Jitsi and mayfirst capacity

Hi, marxmail.world is going to host its first forum on jitsi this month for a forum on deportations. I have a question: How does mayfirst manage capacity and ensure that we won’t have too many jitsi sessions on a particular server? How do we ensure that there is adequate capacity for our forum?

Thanks, Mark

Hola, marxmail.world va a organizar su primer foro en jitsi este mes para un foro sobre deportaciones. Tengo una pregunta: ¿Cómo gestiona mayfirst la capacidad y se asegura de que no tengamos demasiadas sesiones de jitsi en un servidor en particular? ¿Cómo nos aseguramos de que haya una capacidad adecuada para nuestro foro?

Gracias, Mark

Hi Mark, We don’t have a full proof method, but we do have some checks in place to make it manageable.

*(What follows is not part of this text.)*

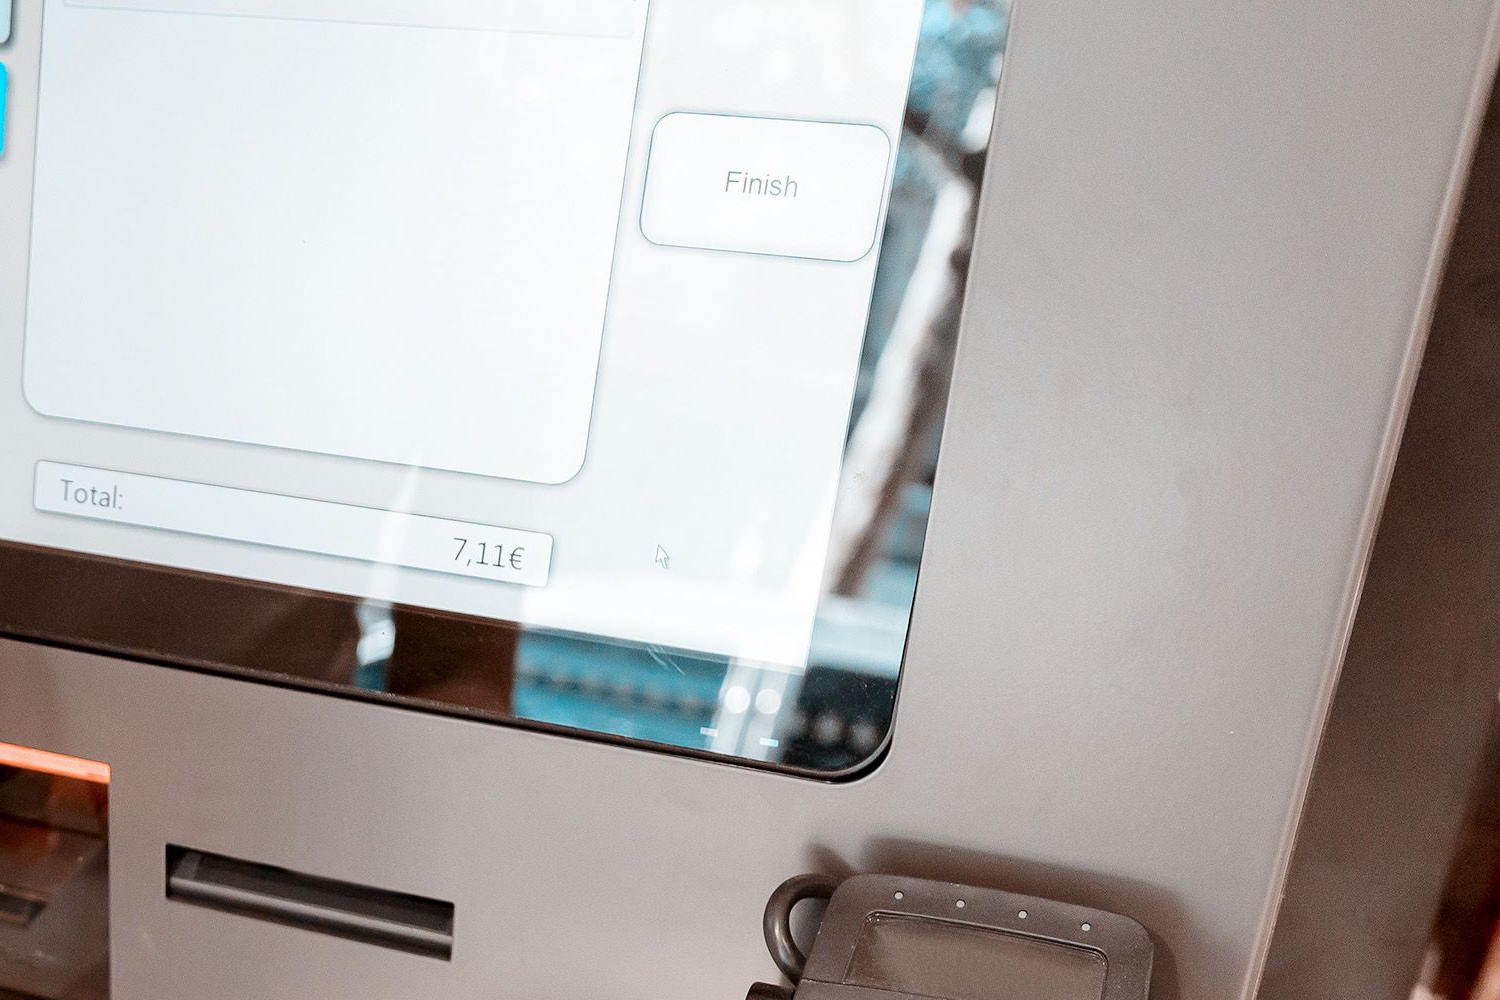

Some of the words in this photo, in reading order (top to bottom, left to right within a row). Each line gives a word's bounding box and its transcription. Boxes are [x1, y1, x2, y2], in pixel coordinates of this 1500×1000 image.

[724, 170, 798, 198] Finish
[60, 477, 125, 511] Total:
[453, 537, 525, 571] 7,11€

The main restriction is to the number of people who have a video connection - which is limited to just 8. Managing the video is by far the single biggest bottle neck and, since it’s exponential as more people turn on their video, a single meeting with lots of video can easily take down a server, but many meetings with less than 8 video participants is much easier to manage.

When most people are only connecting via audio, our server can handle a huge number of meetings and participants (I’m honestly not sure how many, we have never hit the limit).

This restriction alone allowed us to have meetings of up to 100 people without trouble, and that was when we allowed anyone in the world to start a meeting on our servers.

For the last year we were forced to limit meetings to just May First members, which means significantly fewer meetings are competing for resources at any one time.

In practice, last year we had two meetings with over 100 participants in the room and had no trouble at all.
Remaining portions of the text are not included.